▸ **ASSIGNED TASK**: Retype all of the data shown below, keeping every character the same.

Records from a data source:
┌──
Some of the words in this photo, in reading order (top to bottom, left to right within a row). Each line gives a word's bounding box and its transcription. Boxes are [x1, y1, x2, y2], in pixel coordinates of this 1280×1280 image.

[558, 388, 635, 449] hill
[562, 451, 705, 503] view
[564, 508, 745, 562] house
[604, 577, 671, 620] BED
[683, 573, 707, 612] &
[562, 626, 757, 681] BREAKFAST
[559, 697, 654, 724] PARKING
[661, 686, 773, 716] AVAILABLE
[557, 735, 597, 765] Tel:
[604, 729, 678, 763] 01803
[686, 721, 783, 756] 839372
└──
▸ **RESPONSE TO THIS EXERCISE**:
Some of the words in this photo, in reading order (top to bottom, left to right within a row). Each line gives a word's bounding box and its transcription. Boxes are [x1, y1, x2, y2], in pixel coordinates of this 1280×1280 image.

[558, 388, 635, 449] hill
[562, 451, 705, 503] view
[564, 508, 745, 562] house
[604, 577, 671, 620] BED
[683, 573, 707, 612] &
[562, 626, 757, 681] BREAKFAST
[559, 697, 654, 724] PARKING
[661, 686, 773, 716] AVAILABLE
[557, 735, 597, 765] Tel:
[604, 729, 678, 763] 01803
[686, 721, 783, 756] 839372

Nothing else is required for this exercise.